*** Materials provided ***
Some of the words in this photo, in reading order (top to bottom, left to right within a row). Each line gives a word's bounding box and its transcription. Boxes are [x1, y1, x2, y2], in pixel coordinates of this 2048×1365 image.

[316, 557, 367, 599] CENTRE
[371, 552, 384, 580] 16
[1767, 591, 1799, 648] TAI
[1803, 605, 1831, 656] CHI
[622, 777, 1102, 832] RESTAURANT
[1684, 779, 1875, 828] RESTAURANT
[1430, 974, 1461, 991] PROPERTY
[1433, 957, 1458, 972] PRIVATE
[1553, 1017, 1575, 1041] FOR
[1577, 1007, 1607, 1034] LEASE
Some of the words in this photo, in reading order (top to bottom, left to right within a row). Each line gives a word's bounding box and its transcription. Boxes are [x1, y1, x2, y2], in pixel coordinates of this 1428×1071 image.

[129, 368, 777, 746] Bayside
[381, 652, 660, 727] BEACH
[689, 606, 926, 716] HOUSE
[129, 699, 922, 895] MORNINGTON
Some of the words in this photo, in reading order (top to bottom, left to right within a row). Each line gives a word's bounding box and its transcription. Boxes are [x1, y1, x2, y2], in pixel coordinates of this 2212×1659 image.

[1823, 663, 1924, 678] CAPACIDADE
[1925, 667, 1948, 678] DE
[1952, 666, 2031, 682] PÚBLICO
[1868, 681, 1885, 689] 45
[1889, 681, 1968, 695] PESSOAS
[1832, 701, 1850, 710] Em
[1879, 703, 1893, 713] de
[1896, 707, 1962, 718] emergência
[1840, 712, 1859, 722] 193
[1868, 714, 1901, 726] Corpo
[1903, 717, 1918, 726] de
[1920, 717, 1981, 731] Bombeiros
*** End of Materials provided ***
■ **Exercise details**
Taking care to match every character, output all of the entries above.

■ **Answer section**
Some of the words in this photo, in reading order (top to bottom, left to right within a row). Each line gives a word's bounding box and its transcription. Boxes are [x1, y1, x2, y2], in pixel coordinates of this 2048×1365 image.

[316, 557, 367, 599] CENTRE
[371, 552, 384, 580] 16
[1767, 591, 1799, 648] TAI
[1803, 605, 1831, 656] CHI
[622, 777, 1102, 832] RESTAURANT
[1684, 779, 1875, 828] RESTAURANT
[1430, 974, 1461, 991] PROPERTY
[1433, 957, 1458, 972] PRIVATE
[1553, 1017, 1575, 1041] FOR
[1577, 1007, 1607, 1034] LEASE
Some of the words in this photo, in reading order (top to bottom, left to right within a row). Each line gives a word's bounding box and its transcription. Boxes are [x1, y1, x2, y2], in pixel coordinates of this 1428×1071 image.

[129, 368, 777, 746] Bayside
[381, 652, 660, 727] BEACH
[689, 606, 926, 716] HOUSE
[129, 699, 922, 895] MORNINGTON
Some of the words in this photo, in reading order (top to bottom, left to right within a row). Each line gives a word's bounding box and its transcription. Boxes are [x1, y1, x2, y2], in pixel coordinates of this 2212×1659 image.

[1823, 663, 1924, 678] CAPACIDADE
[1925, 667, 1948, 678] DE
[1952, 666, 2031, 682] PÚBLICO
[1868, 681, 1885, 689] 45
[1889, 681, 1968, 695] PESSOAS
[1832, 701, 1850, 710] Em
[1879, 703, 1893, 713] de
[1896, 707, 1962, 718] emergência
[1840, 712, 1859, 722] 193
[1868, 714, 1901, 726] Corpo
[1903, 717, 1918, 726] de
[1920, 717, 1981, 731] Bombeiros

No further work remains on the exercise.